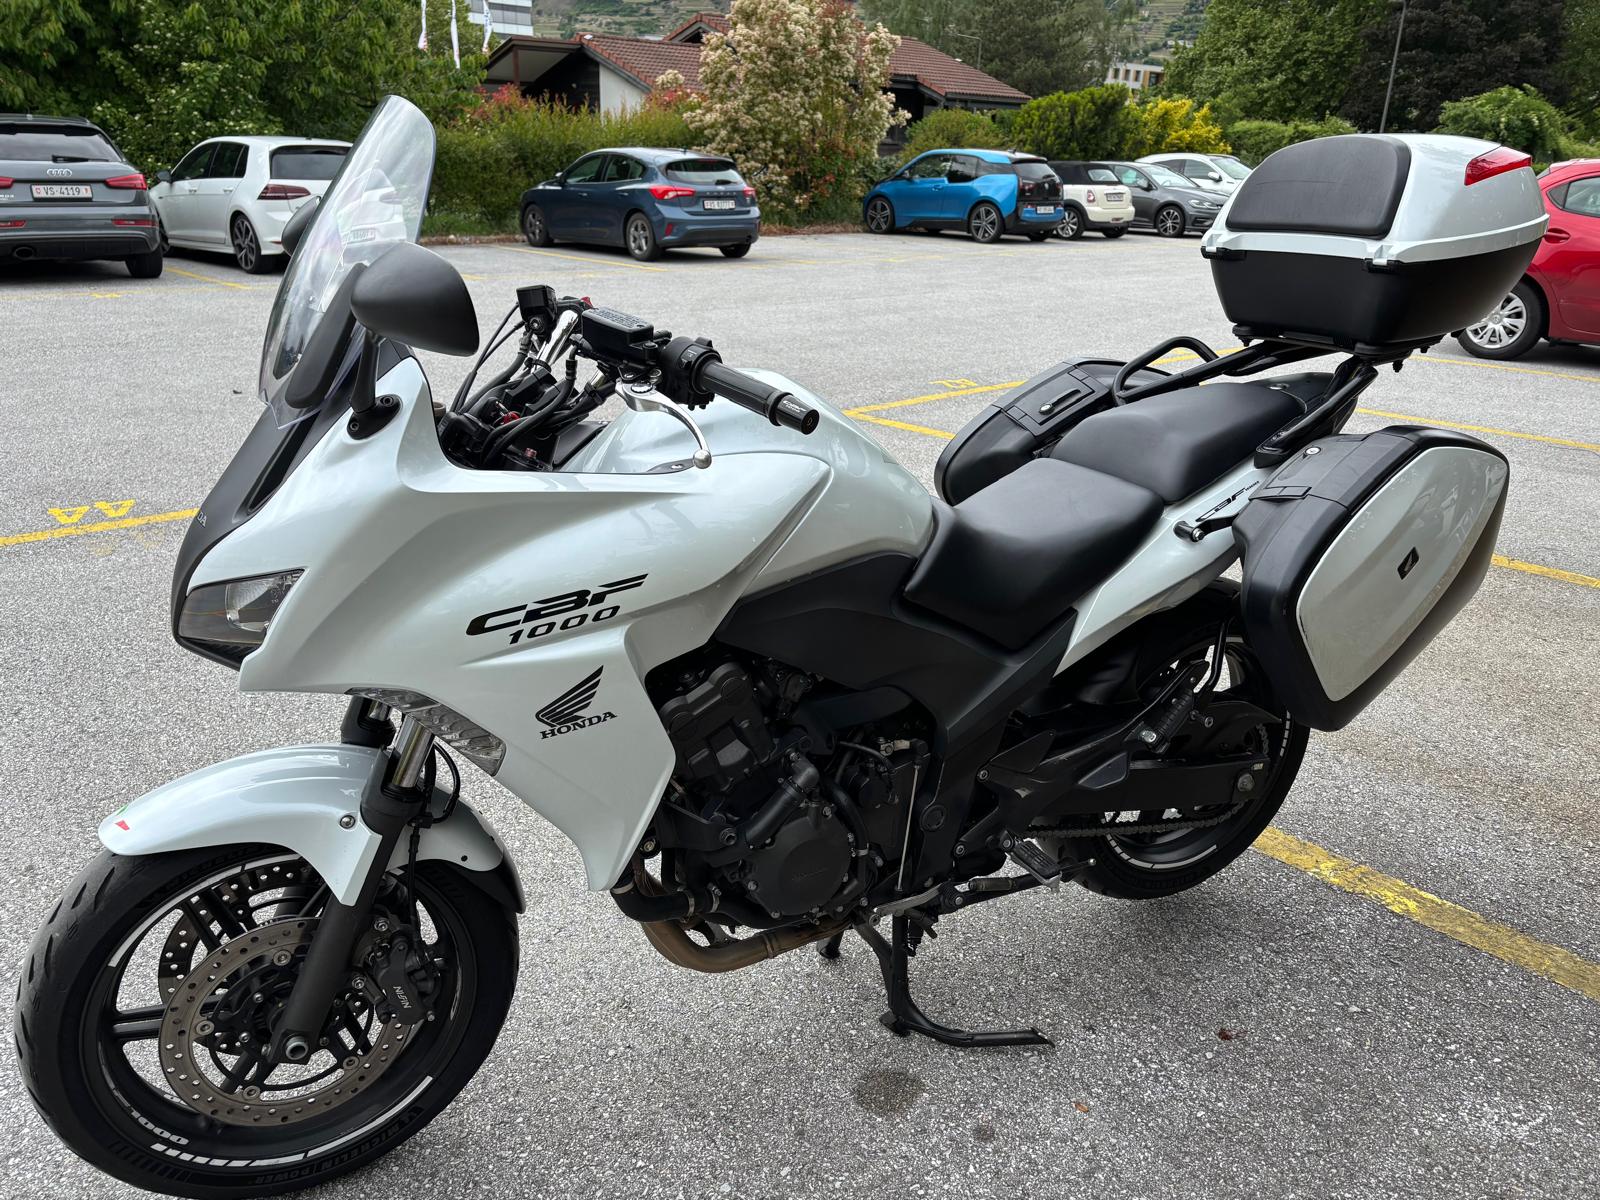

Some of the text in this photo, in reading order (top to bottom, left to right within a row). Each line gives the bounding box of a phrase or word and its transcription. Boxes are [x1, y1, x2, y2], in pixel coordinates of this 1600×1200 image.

[43, 186, 81, 196] VS 4119
[465, 573, 649, 636] CBF
[508, 605, 621, 645] 1000
[539, 711, 618, 740] HONDA
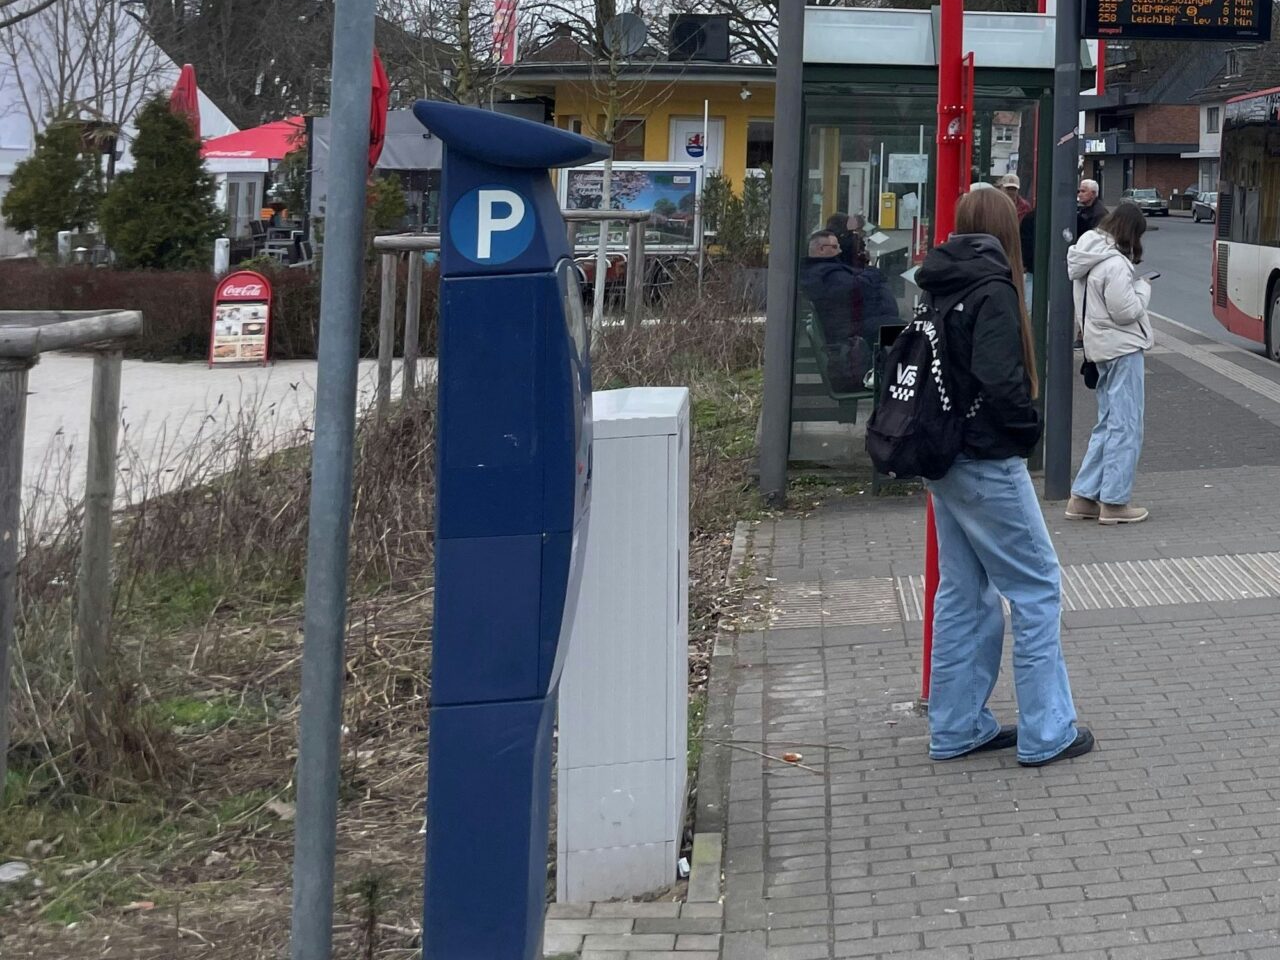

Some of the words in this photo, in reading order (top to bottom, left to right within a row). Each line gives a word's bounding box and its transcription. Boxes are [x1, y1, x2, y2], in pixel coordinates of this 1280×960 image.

[1098, 3, 1117, 12] 255
[1131, 4, 1182, 14] CHEMPARK
[1234, 7, 1253, 16] Min
[1098, 13, 1117, 22] 258
[1193, 16, 1211, 25] Lev
[1234, 17, 1252, 26] Min
[477, 190, 525, 258] P
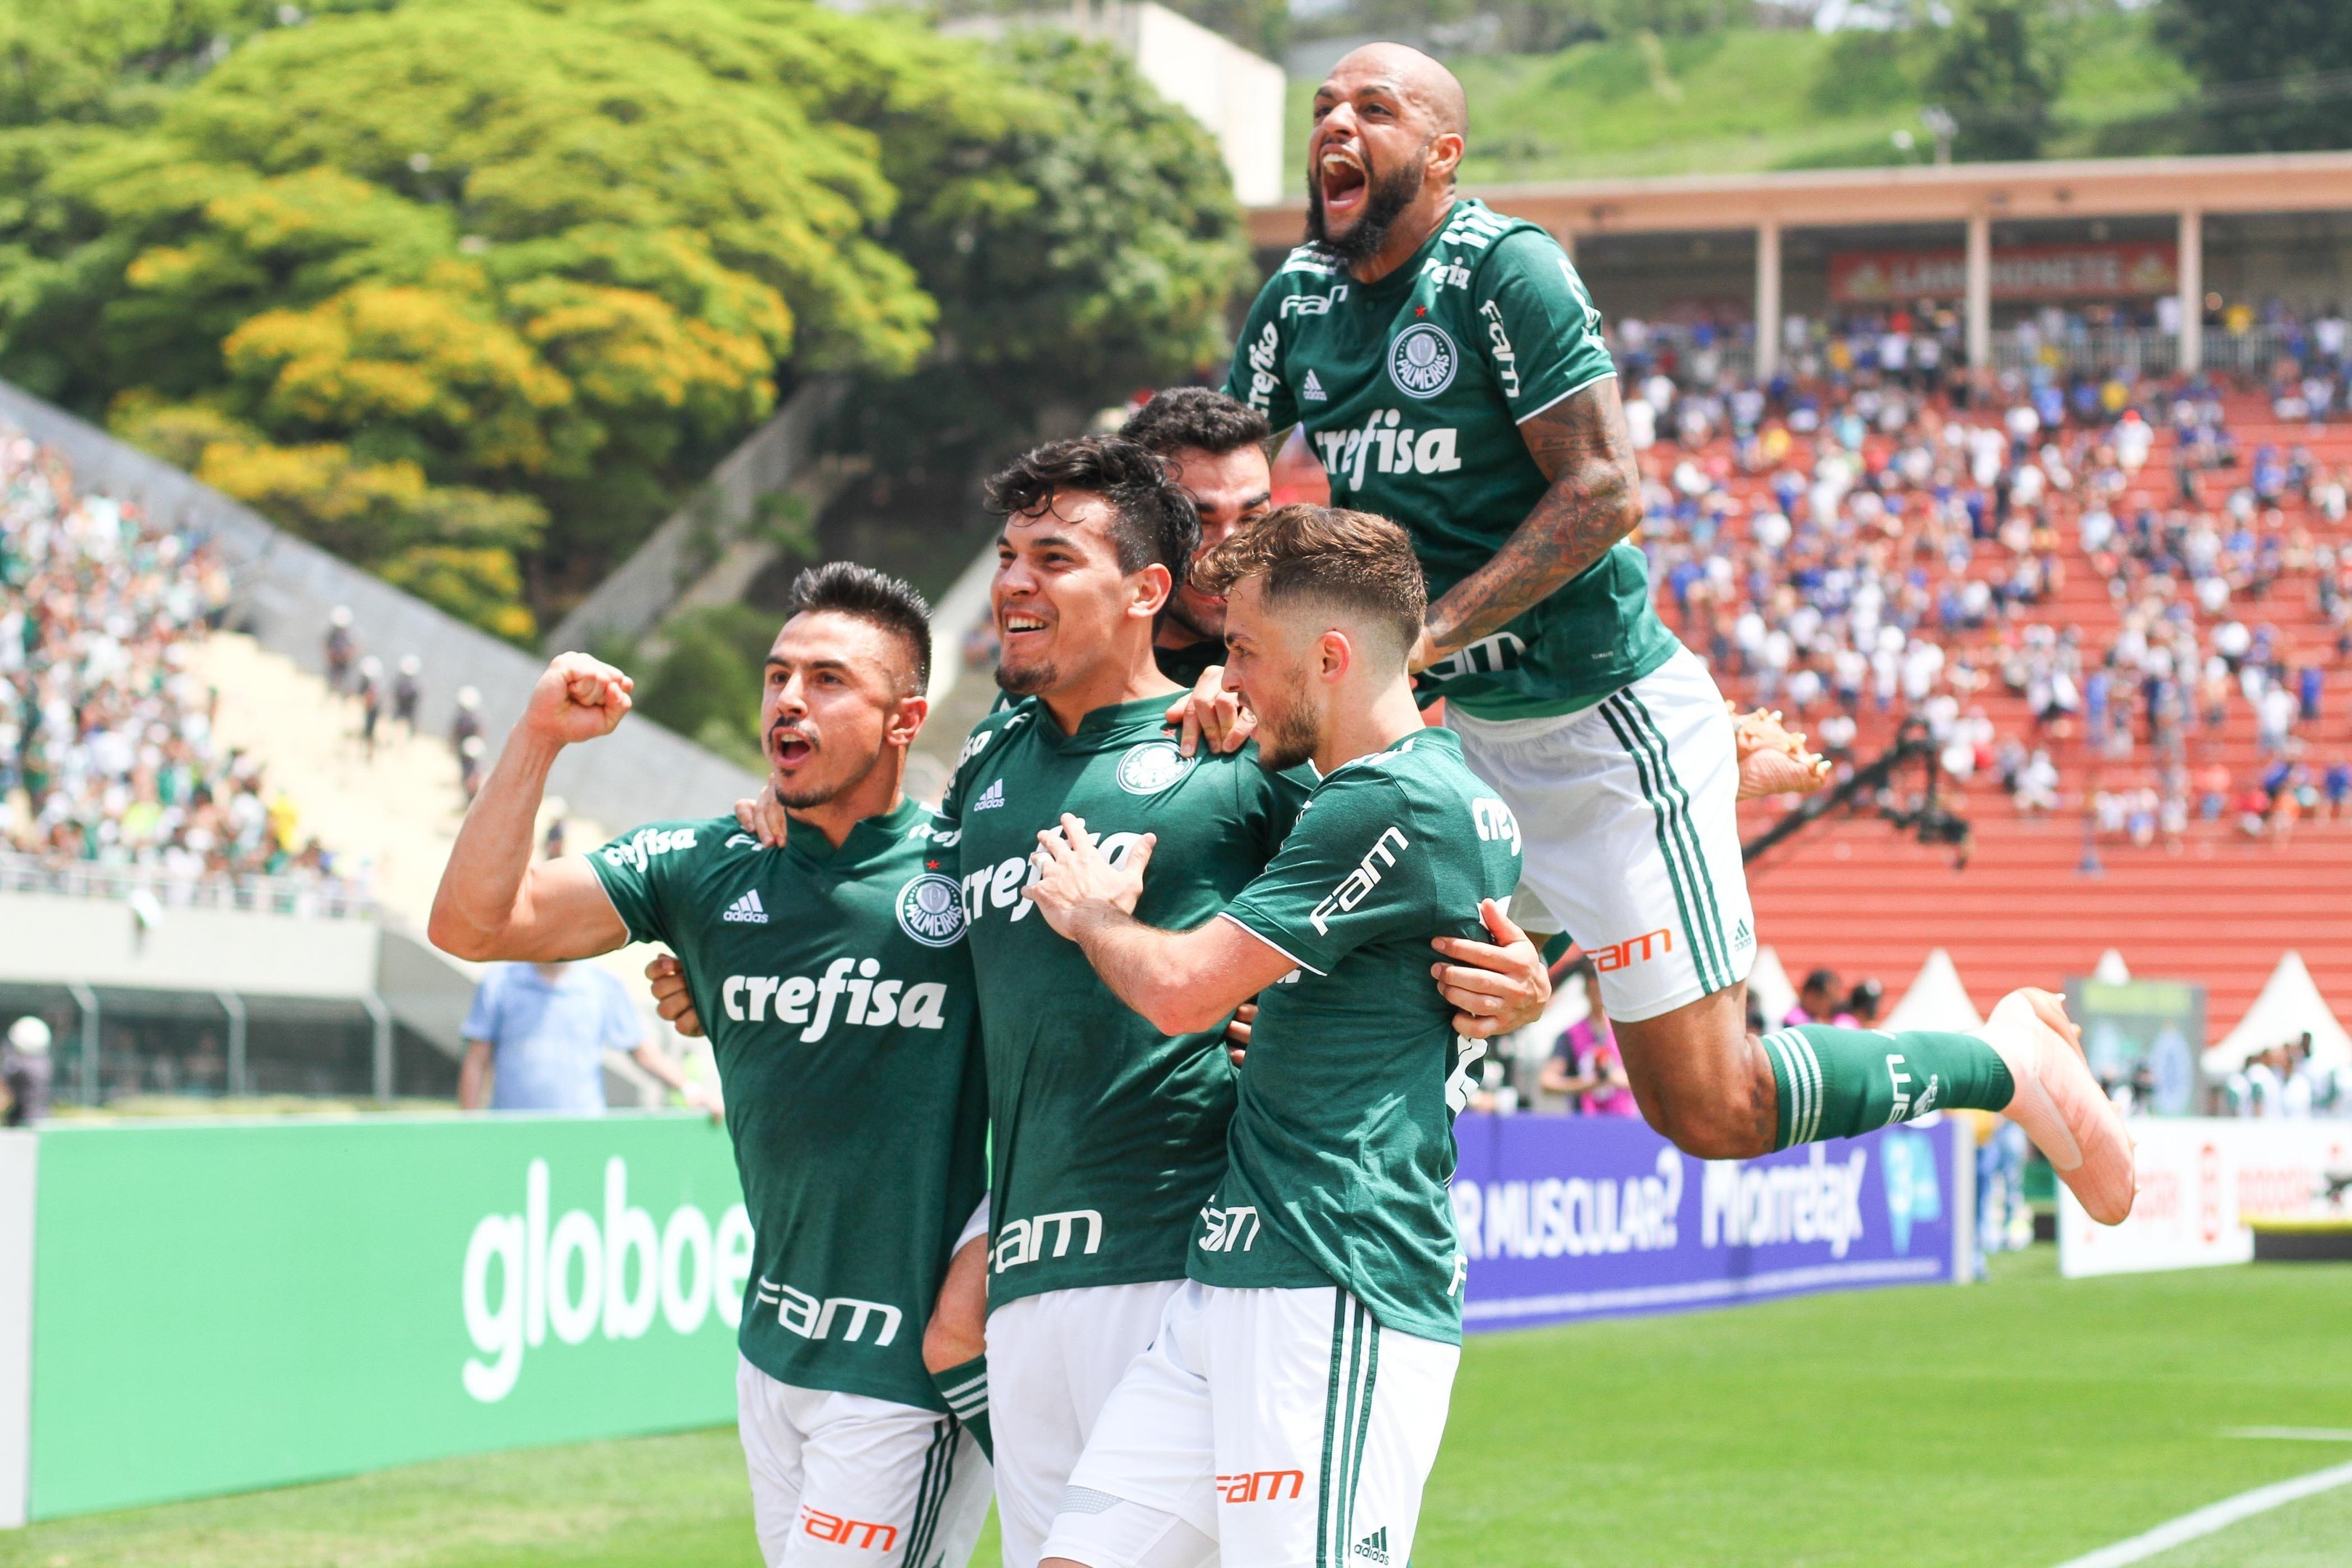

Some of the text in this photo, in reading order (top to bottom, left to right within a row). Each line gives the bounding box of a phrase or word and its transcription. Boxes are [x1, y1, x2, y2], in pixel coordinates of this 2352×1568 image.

[1396, 354, 1450, 390] PALMEIRAS
[1423, 632, 1527, 681] am
[973, 797, 1005, 812] adidas
[723, 910, 769, 924] adidas
[905, 905, 963, 937] PALMEIRAS
[722, 957, 947, 1043] crefisa
[987, 1209, 1103, 1285] am
[1354, 1542, 1389, 1566] adidas

┄┄┄┄┄┄

Pictures aside, return all of the material exactly as written.

## Completed exercise
Some of the text in this photo, in reading order (top to bottom, left to right within a row). Each line gives the bounding box of a phrase or word and its transcription. Boxes are [x1, y1, x2, y2], in pixel coordinates of this 1600×1200 image.

[43, 186, 81, 196] VS 4119
[465, 573, 649, 636] CBF
[508, 605, 621, 645] 1000
[539, 711, 618, 740] HONDA

Some of the words in this photo, in reading order (top to bottom, left to right within a row). Each line gives a word's bounding box and its transcription. Boxes are [x1, y1, x2, y2], in pixel coordinates of this 1280×960 image.

[1098, 3, 1117, 12] 255
[1131, 4, 1182, 14] CHEMPARK
[1234, 7, 1253, 16] Min
[1098, 13, 1117, 22] 258
[1193, 16, 1211, 25] Lev
[1234, 17, 1252, 26] Min
[477, 190, 525, 258] P

Some of the text in this photo, in reading order (top to bottom, left to right within a row). Each line gives the bounding box of a phrase or word and its transcription. Boxes are [x1, y1, x2, y2], in pixel coordinates of this 2352×1568 image.

[1396, 354, 1450, 390] PALMEIRAS
[1423, 632, 1527, 681] am
[973, 797, 1005, 812] adidas
[723, 910, 769, 924] adidas
[905, 905, 963, 937] PALMEIRAS
[722, 957, 947, 1043] crefisa
[987, 1209, 1103, 1285] am
[1354, 1542, 1389, 1566] adidas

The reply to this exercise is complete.